Dataset records
:::

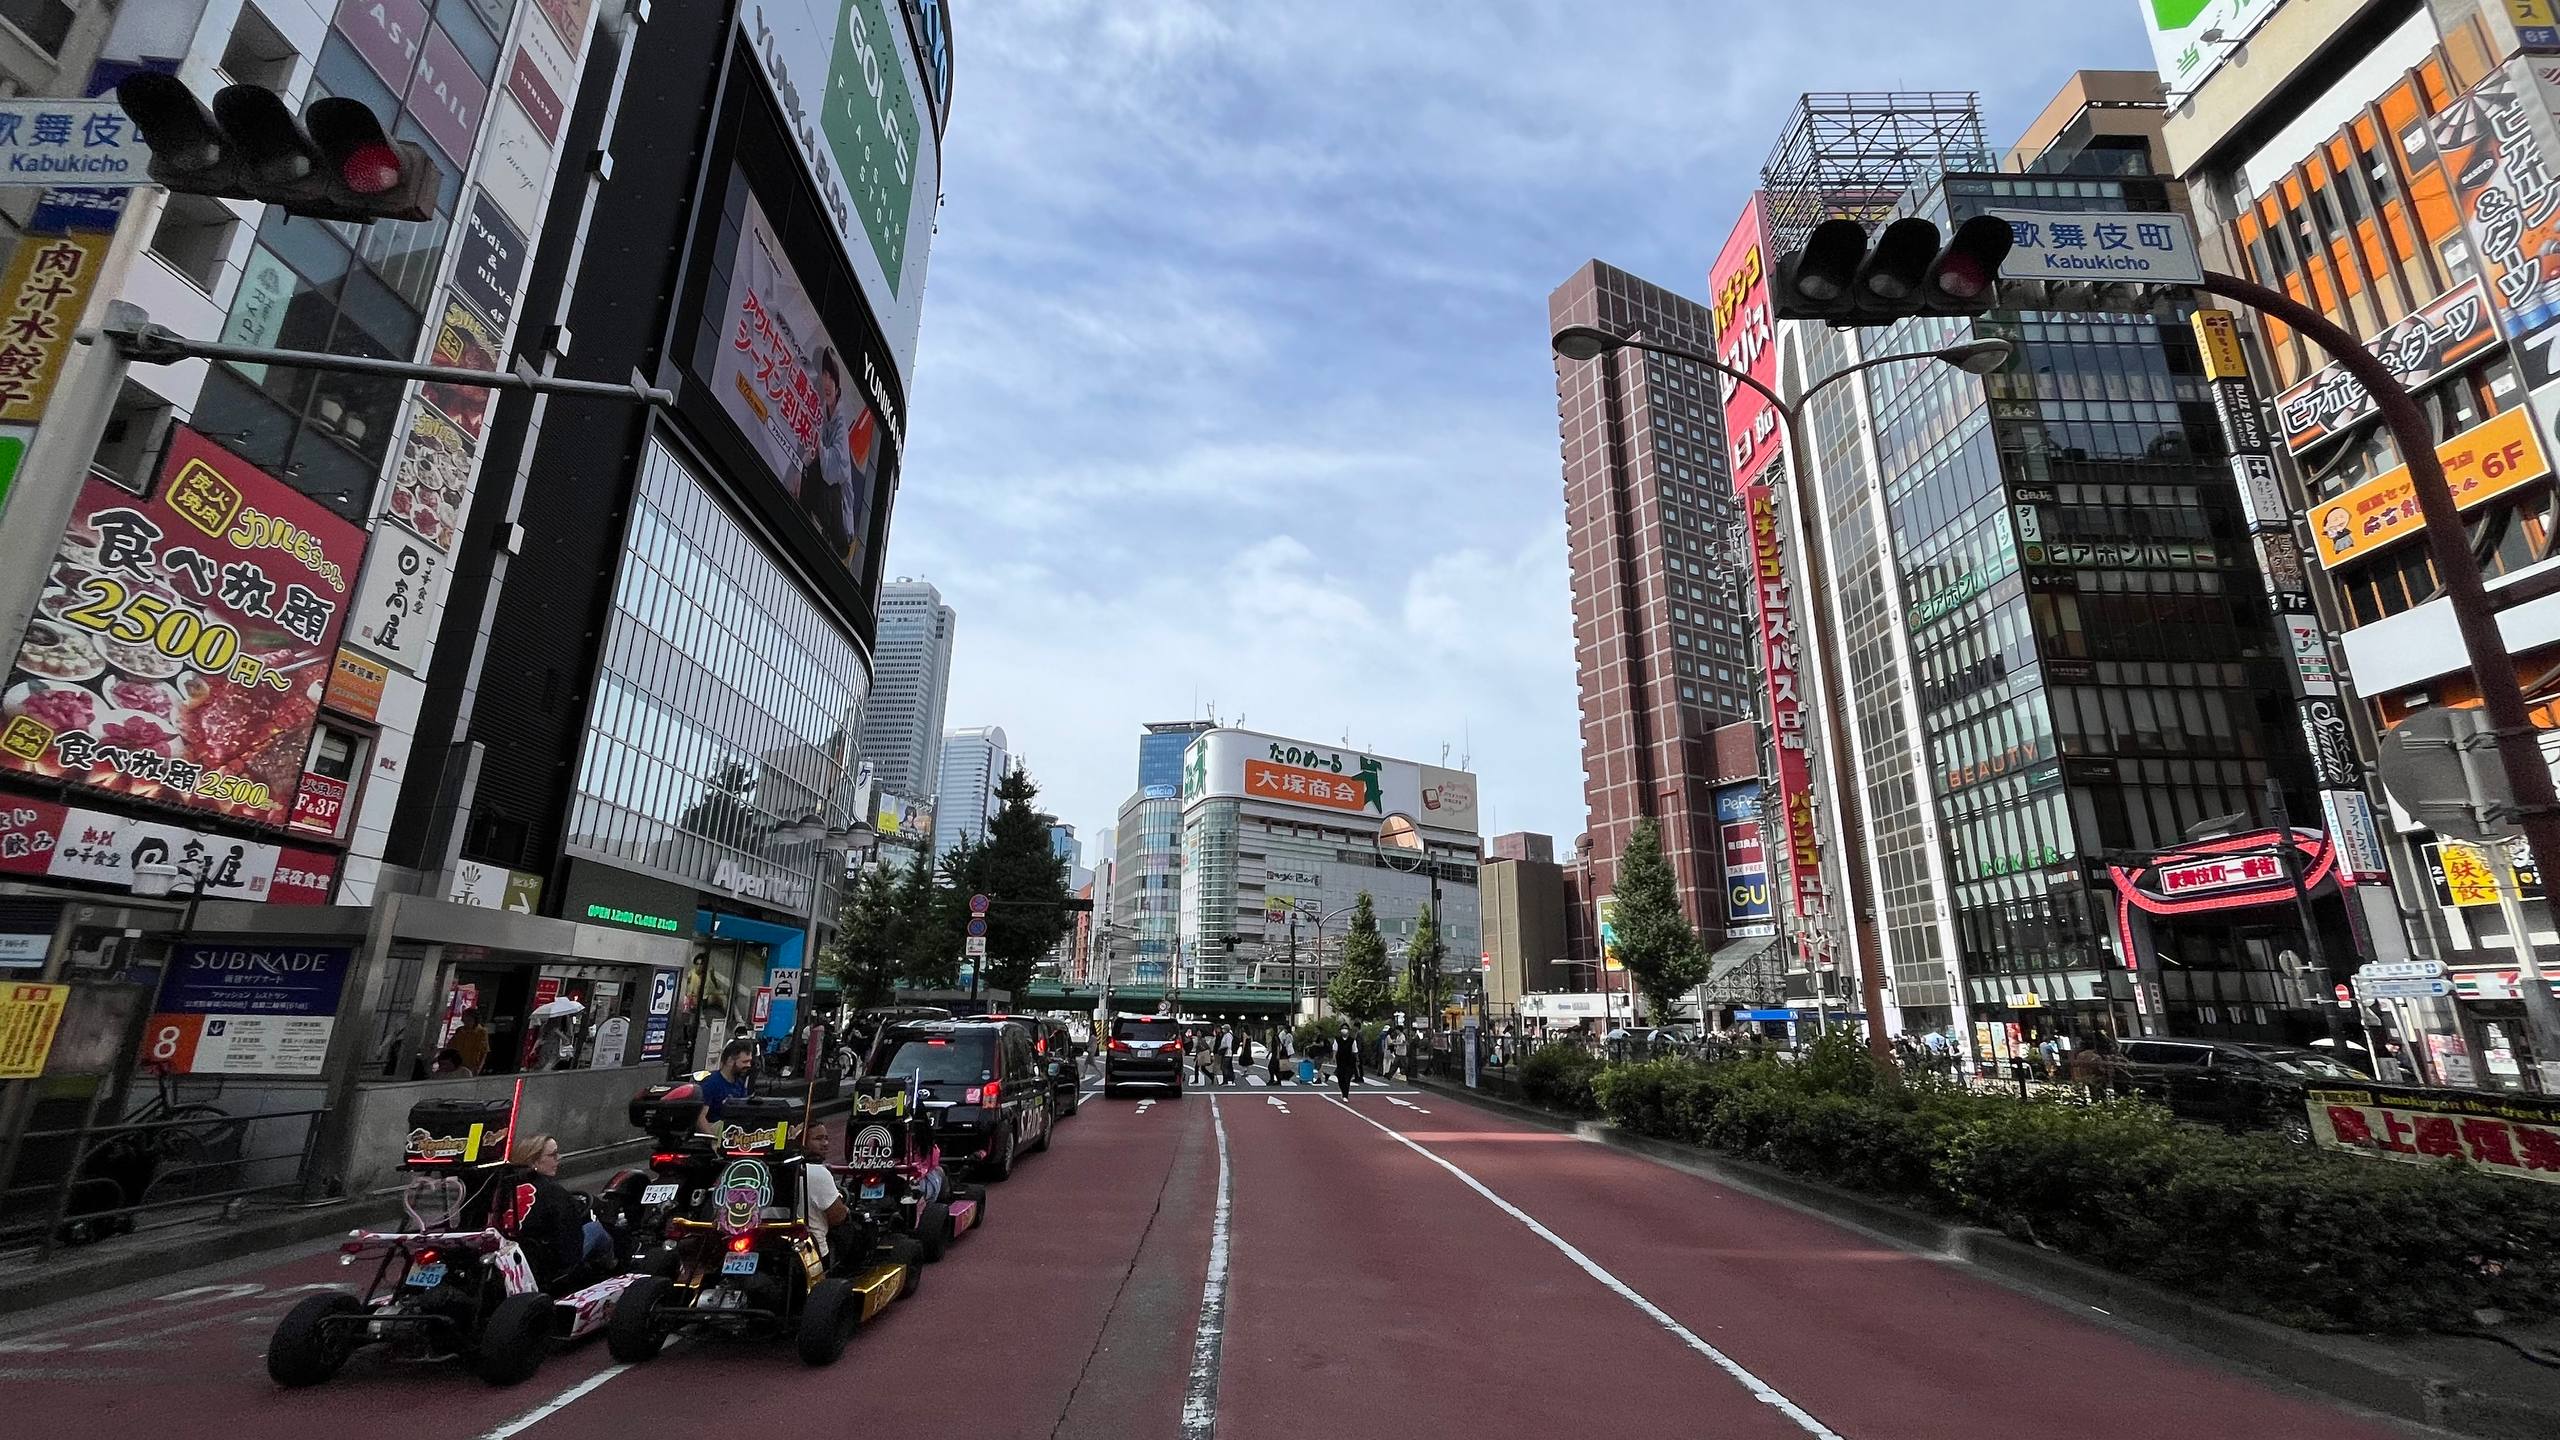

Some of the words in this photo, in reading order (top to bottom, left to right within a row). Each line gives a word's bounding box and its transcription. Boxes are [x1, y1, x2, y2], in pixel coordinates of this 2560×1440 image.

[0, 112, 145, 147] 舞伎
[9, 153, 128, 172] Kabukicho
[838, 74, 900, 236] FLAGSHIP
[860, 165, 897, 262] STORE
[470, 212, 508, 260] Rydia
[2010, 221, 2173, 251] 歌舞伎町
[2044, 253, 2150, 271] Kabukicho
[1714, 244, 1762, 342] パチンコ
[0, 242, 84, 412] 肉汁水餃子
[490, 309, 504, 323] 4F
[2399, 297, 2480, 370] ダーツ
[2233, 383, 2250, 412] BUZZ
[2241, 411, 2261, 448] STAND
[2482, 439, 2524, 478] 6F
[1752, 496, 1781, 578] パチンコ
[1996, 511, 2010, 546] ダーツ
[2018, 507, 2037, 538] ダーツ
[88, 507, 338, 645] 食べ放題
[374, 545, 420, 651] 日高屋
[2282, 592, 2307, 609] 7F
[1762, 583, 1798, 702] エスパス
[55, 730, 202, 794] 食べ放題
[1269, 743, 1343, 774] たのめーる
[1949, 742, 2037, 788] BEAUTY
[1145, 785, 1174, 796] welcia
[1255, 769, 1357, 803] 大塚商会
[2, 831, 56, 858] 飲み
[1788, 790, 1818, 866] パチンコ
[63, 846, 121, 868] 中華食堂
[1729, 866, 1744, 875] TAX
[1745, 864, 1763, 873] FREE
[1981, 845, 2060, 878] POKER
[2166, 855, 2277, 890] 歌舞伎町一番街
[273, 867, 331, 892] 深夜食堂
[714, 858, 766, 898] Alpen
[1732, 884, 1766, 907] GU
[588, 904, 611, 920] OPEN
[634, 914, 657, 929] CLOSE
[190, 951, 329, 975] SUBNADE
[774, 970, 800, 980] TAXI
[652, 979, 666, 1011] P
[153, 1026, 180, 1059] 8
[848, 1156, 896, 1169] Sunshine
[853, 1146, 892, 1158] HELLO

:::

Exercise description
In your copy, restate the data above word for word but leave out any picture.

Your solution
Some of the words in this photo, in reading order (top to bottom, left to right within a row). Each line gives a word's bounding box and its transcription. Boxes are [x1, y1, x2, y2], in pixel coordinates of this 2560×1440 image.

[0, 112, 145, 147] 舞伎
[9, 153, 128, 172] Kabukicho
[838, 74, 900, 236] FLAGSHIP
[860, 165, 897, 262] STORE
[470, 212, 508, 260] Rydia
[2010, 221, 2173, 251] 歌舞伎町
[2044, 253, 2150, 271] Kabukicho
[1714, 244, 1762, 342] パチンコ
[0, 242, 84, 412] 肉汁水餃子
[490, 309, 504, 323] 4F
[2399, 297, 2480, 370] ダーツ
[2233, 383, 2250, 412] BUZZ
[2241, 411, 2261, 448] STAND
[2482, 439, 2524, 478] 6F
[1752, 496, 1781, 578] パチンコ
[1996, 511, 2010, 546] ダーツ
[2018, 507, 2037, 538] ダーツ
[88, 507, 338, 645] 食べ放題
[374, 545, 420, 651] 日高屋
[2282, 592, 2307, 609] 7F
[1762, 583, 1798, 702] エスパス
[55, 730, 202, 794] 食べ放題
[1269, 743, 1343, 774] たのめーる
[1949, 742, 2037, 788] BEAUTY
[1145, 785, 1174, 796] welcia
[1255, 769, 1357, 803] 大塚商会
[2, 831, 56, 858] 飲み
[1788, 790, 1818, 866] パチンコ
[63, 846, 121, 868] 中華食堂
[1729, 866, 1744, 875] TAX
[1745, 864, 1763, 873] FREE
[1981, 845, 2060, 878] POKER
[2166, 855, 2277, 890] 歌舞伎町一番街
[273, 867, 331, 892] 深夜食堂
[714, 858, 766, 898] Alpen
[1732, 884, 1766, 907] GU
[588, 904, 611, 920] OPEN
[634, 914, 657, 929] CLOSE
[190, 951, 329, 975] SUBNADE
[774, 970, 800, 980] TAXI
[652, 979, 666, 1011] P
[153, 1026, 180, 1059] 8
[848, 1156, 896, 1169] Sunshine
[853, 1146, 892, 1158] HELLO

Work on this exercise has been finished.